Total Knee Arthroplasty (TKA) consists of resection of the diseased articular surfaces of the knee, followed by resurfacing with metal and polyethylene prosthetic components. 

Despite the potential benefits of TKA, TKA is usually performed on an elective basis and should only be considered after exhaustion of appropriate nonsurgical therapies and extensive discussion of the risks, benefits, and alternatives.

INDICATIONS FOR FIXED BEARING

Candidates for total knee replacement include patients with a severely painful and/or severely disabled joint resulting from:

  • Osteoarthritis
  • Post-traumatic arthritis 
  • Rheumatoid arthritis
  • A failed previous implant.

CONTRAINDICATIONS FOR FIXED BEARING

The following conditions are contraindications for total knee replacement:

  • Active local or systemic infection.
  • Loss of bone or musculature, osteoporosis, neuromuscular compromise or vascular deficiency in the affected limb in sufficient degree to render the procedure unjustifiable (e.g., absence of musculoligamentous supporting structures, joint neuropathy).
  • Severe instability secondary to advanced loss of osteochondral structure or the absence of collateral ligament integrity.

INDICATIONS FOR ROTATING PLATFORM (RP)

The Rotating Platform (RP) Total Knee System is indicated for cemented use in cases of osteoarthritis and rheumatoid arthritis. The rotating platform prosthesis is indicated for primary total knee arthroplasty or the revision of failed knee prostheses. The CR RP device configuration is indicated for use in knees whose posterior cruciate ligament is intact, absent, or in such condition as to justify its sacrifice.

CONTRAINDICATIONS FOR ROTATING PLATFORM (RP)

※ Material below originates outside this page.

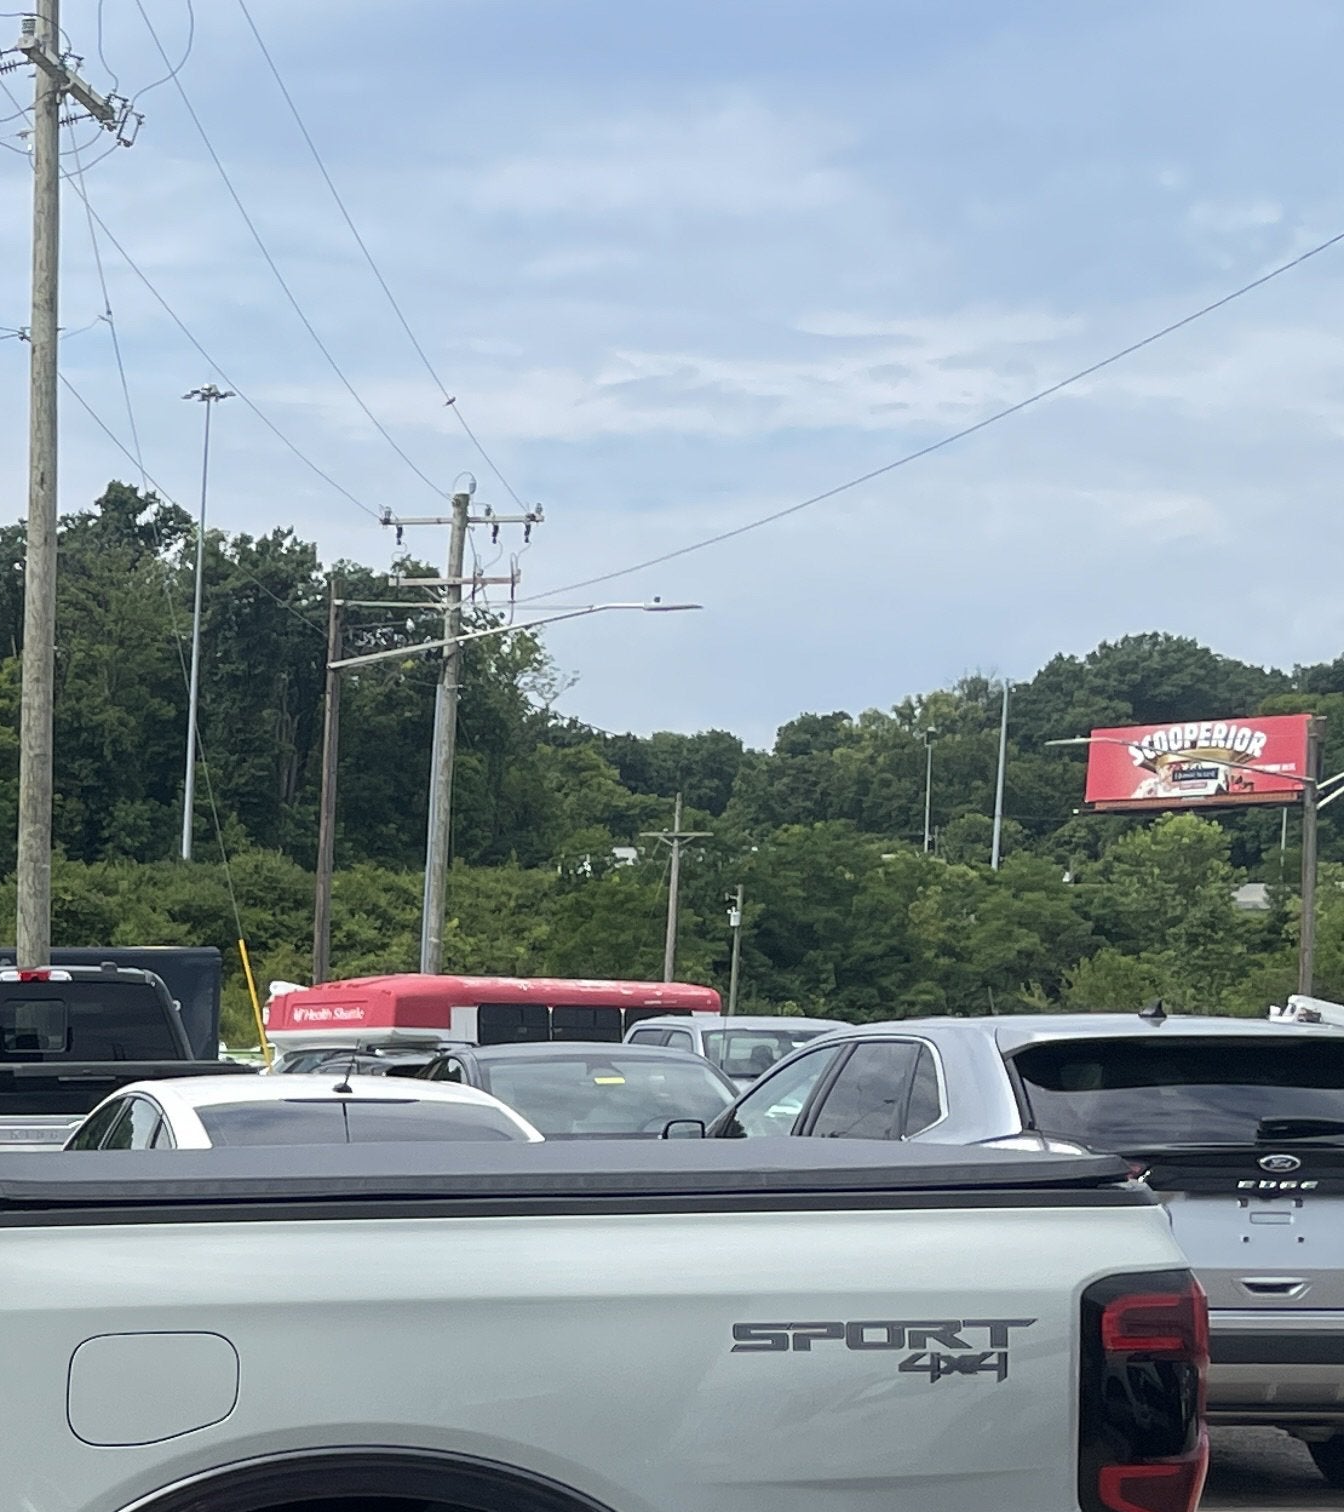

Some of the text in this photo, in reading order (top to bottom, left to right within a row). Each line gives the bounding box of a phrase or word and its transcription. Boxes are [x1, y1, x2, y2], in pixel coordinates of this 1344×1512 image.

[1128, 722, 1267, 767] SCOOPERIOR
[1237, 1180, 1319, 1189] EDGE
[730, 1318, 1038, 1352] SPORT

The use of the RP Total Knee System is contraindicated in:

  • The presence of osteomyelitis, pyrogenic infection or other overt infection of the knee joint. Every effort should be made to rule out the possibility of preoperative sepsis in a patient who has one or more of the following abnormalities: 
    • Fever or local inflammation
    • Rapid destruction or bone resorption apparent on x-rays
    • Elevation of the erythrocyte sedimentation rate or white blood cell count unexplained by other disease or a marked shift in the white blood cell differential count. 
  • Patients with any active infection at sites such as the genitourinary tract, pulmonary system, skin or any other site. Should a patient have any infection prior to implantation, the foci of the infection must be treated prior to, during and after implantation. 
  • Patients with loss of musculature or neuromuscular compromise leading to loss of function in the involved limb or in whom the requirements for its use would affect recommended rehabilitation procedures.
  • Patients with severe osteoporosis or other metabolic bone diseases of the knee
  • Patients with any of the following conditions: 
    • Lesions of the supporting bone structures (e.g. aneurysmal or simple bone cysts, giant cell tumor or any malignant tumor)
    • Systemic and metabolic disorders leading to progressive deterioration of solid bone support 
    • The presence of severe instability secondary to advanced loss of osteochondral structure or the absence of collateral ligament integrity, fixed deformities greater than 60° of flexion, 45° of genu varus or valgus.
    • Known drug or alcohol addiction
    • Skeletally immature individuals and the presence of allergic reaction to implant metals or polyethylene are also contraindications for the use of all device configurations of the RP Total Knee System.